Je pense qu'il en est de même du droit à la liberté religieuse.

Et ce que je dénonce dans ce fil, c'est l'identification que font certains (et certaine publication) entre droit à l'erreur et droit à la liberté, en contradiction avec cette parabole des Evangiles.

Ion
images/icones/neutre.gif  ( 596737 )Vous oubliez ce que Notre-Seigneur... par Vianney (2011-05-27 12:08:36) 
[en réponse à 596732]

...enseigne au sujet des “faux prophètes”. Non, la véritable application de la parabole du bon grain et de l’ivraie concerne la cohabitation, dans une même société, des bons et des méchants, avec tous les niveaux intermédiaires possibles entre les deux. J’ai déjà cité l’exemple de l’Église : ceux qui s’écartent de la doctrine catholique n’appartiennent a priori à aucune de ces deux catégories, ils en sont exclus, en droit sinon toujours en fait.

V.
images/icones/hum2.gif  ( 596728 )Déjà répondu... par Vianney (2011-05-27 11:38:17) 
[en réponse à 596722]


Le concept qu'on nous présente comme une condition sine qua non de l'évangélisation, l'existence d'une État catholique exclusif des autres cultes, les Pères en 1965 ont pris en compte que ce n'était pas vrai, que l'évangélisation peut se développer sans cela, qu'on peut bien enseigner le premier commandement sans État catholique et heureusement car aucun des contradicteurs de Ion ne serait là si leur thèse était vraie sur terre, avec les gens tels qu'ils sont. Le catholicisme aurait disparu depuis 2 siècles. (Luc Perrin)

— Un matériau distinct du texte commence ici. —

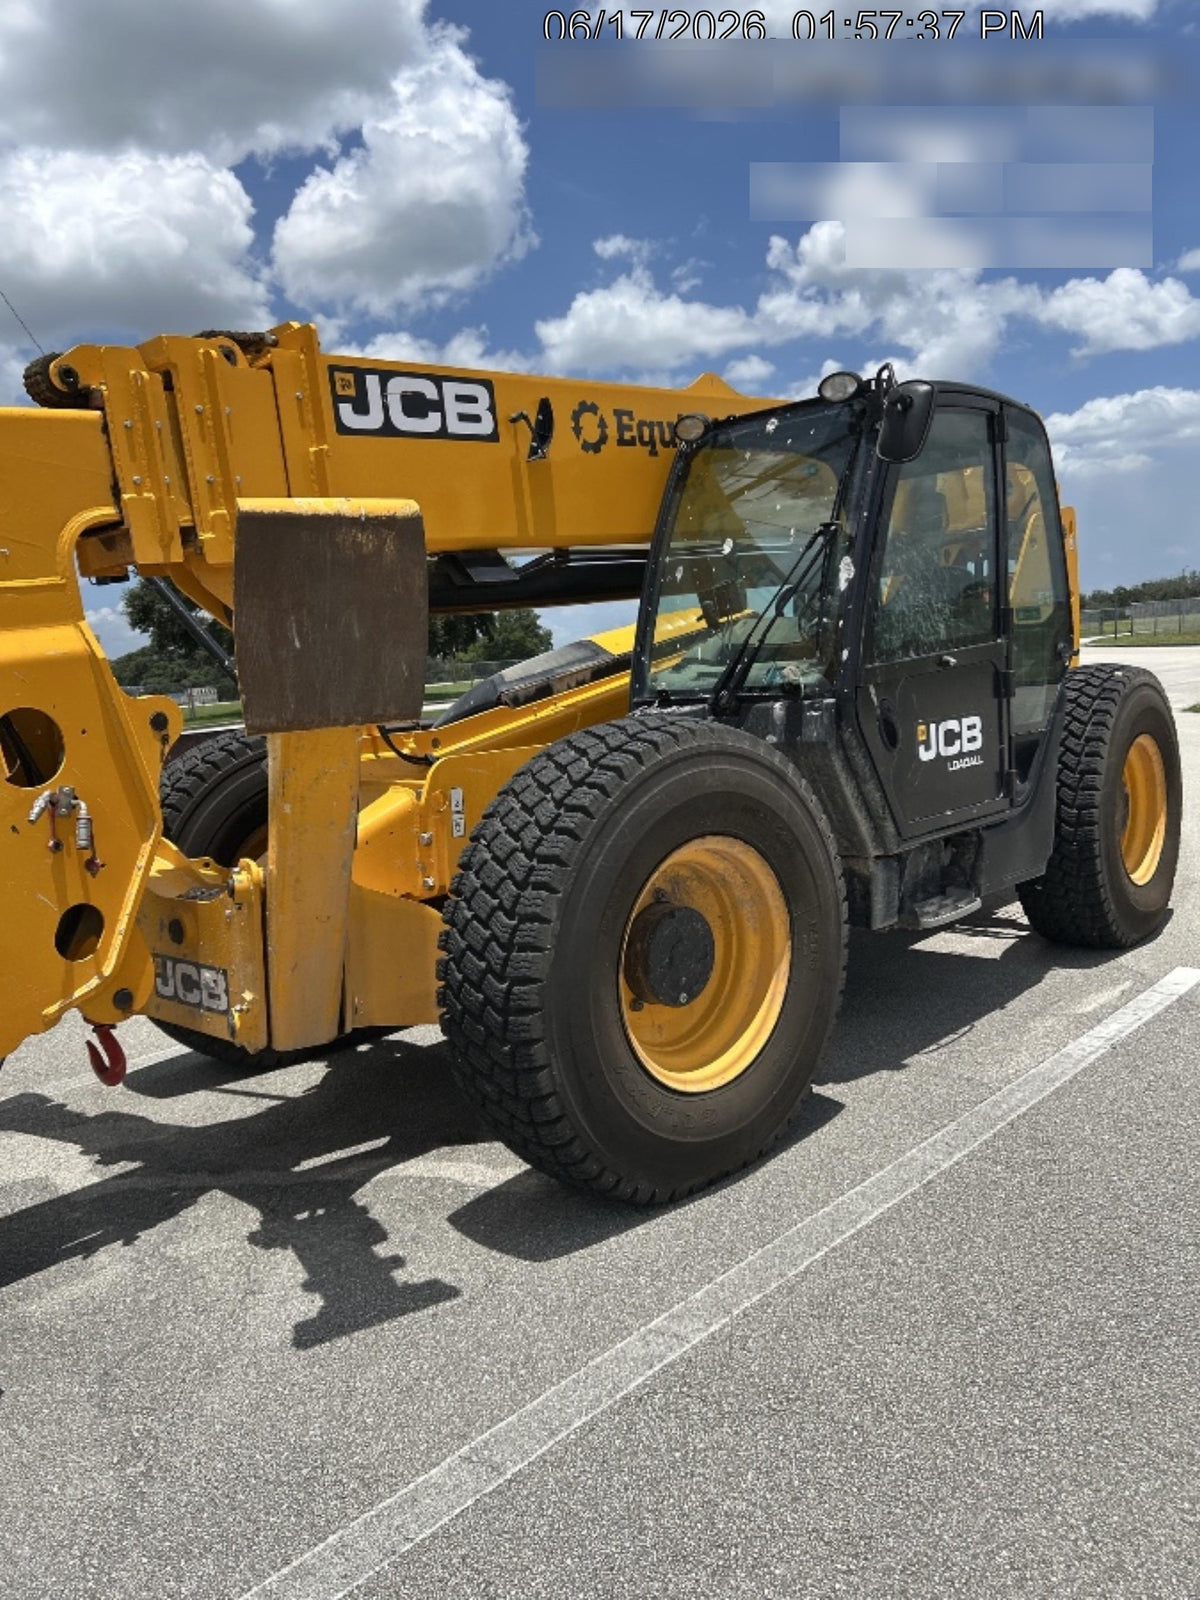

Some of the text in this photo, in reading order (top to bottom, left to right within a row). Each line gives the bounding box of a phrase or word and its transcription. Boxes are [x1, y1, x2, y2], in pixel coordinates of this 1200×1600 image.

Vous déformez passablement les propos de vos contradicteurs, mais cela n’a rien de nouveau : à ma connaissance, personne ici n’a soutenu que l’existence d’un État catholique était la condition sine qua non de l’évangélisation !!!

Le vrai problème est que Vatican II ne s’est pas contenté de modifier la pratique de l’Église, il a prétendu enseigner une nouvelle doctrine. Le vrai débat est donc doctrinal, comme il se doit entre catholiques respectueux de l’enseignement des papes. Si cette doctrine vous paraît dépourvue d’importance “sur terre”, passez donc votre chemin...

V.
images/icones/neutre.gif  ( 596643 )Effectivement par Meneau (2011-05-26 14:59:31) 
[en réponse à 596619]

L'emploi des termes "ce qui", à cet endroit, est déroutant. Je l'interpète comme si le "ce qui" portait sur le droit à la tolérance, et non pas sur le fait que ce droit à la tolérance ne peut exister.

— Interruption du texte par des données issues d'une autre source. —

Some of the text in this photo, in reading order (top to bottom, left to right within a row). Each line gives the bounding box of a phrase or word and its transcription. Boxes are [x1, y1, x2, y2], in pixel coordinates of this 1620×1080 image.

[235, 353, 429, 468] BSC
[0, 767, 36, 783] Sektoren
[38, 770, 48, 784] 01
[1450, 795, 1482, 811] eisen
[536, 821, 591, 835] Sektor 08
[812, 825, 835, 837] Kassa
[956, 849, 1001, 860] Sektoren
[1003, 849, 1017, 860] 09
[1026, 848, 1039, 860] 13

Car c'est bien le propos de Rhonheimer que de ne pas reconnaître la compétence de l'Etat en matière de répression de l'erreur comme un doctrinalement fondée, et donc de façon corollaire, d'en déduire la non existence d'un droit à la tolérance.

Toutefois, Rhonheimer a raison de dire que Ci riesce n'ouvre pas la voie à DH. Non pas en raison de l'argument de compétence avancé par Rhonheimer, mais du simple fait que la doctrine de Pie XII est clairement la doctrine traditionnelle :

Premièrement : ce qui ne répond pas à la vérité et à la loi morale n’a objectivement aucun droit à l’existence, ni à la propagande, ni à l’action. Deuxièmement : le fait de ne pas l’empêcher par le moyen de lois d’État et de dispositions coercitives peut néanmoins se justifier dans l’intérêt d’un bien supérieur et plus vaste.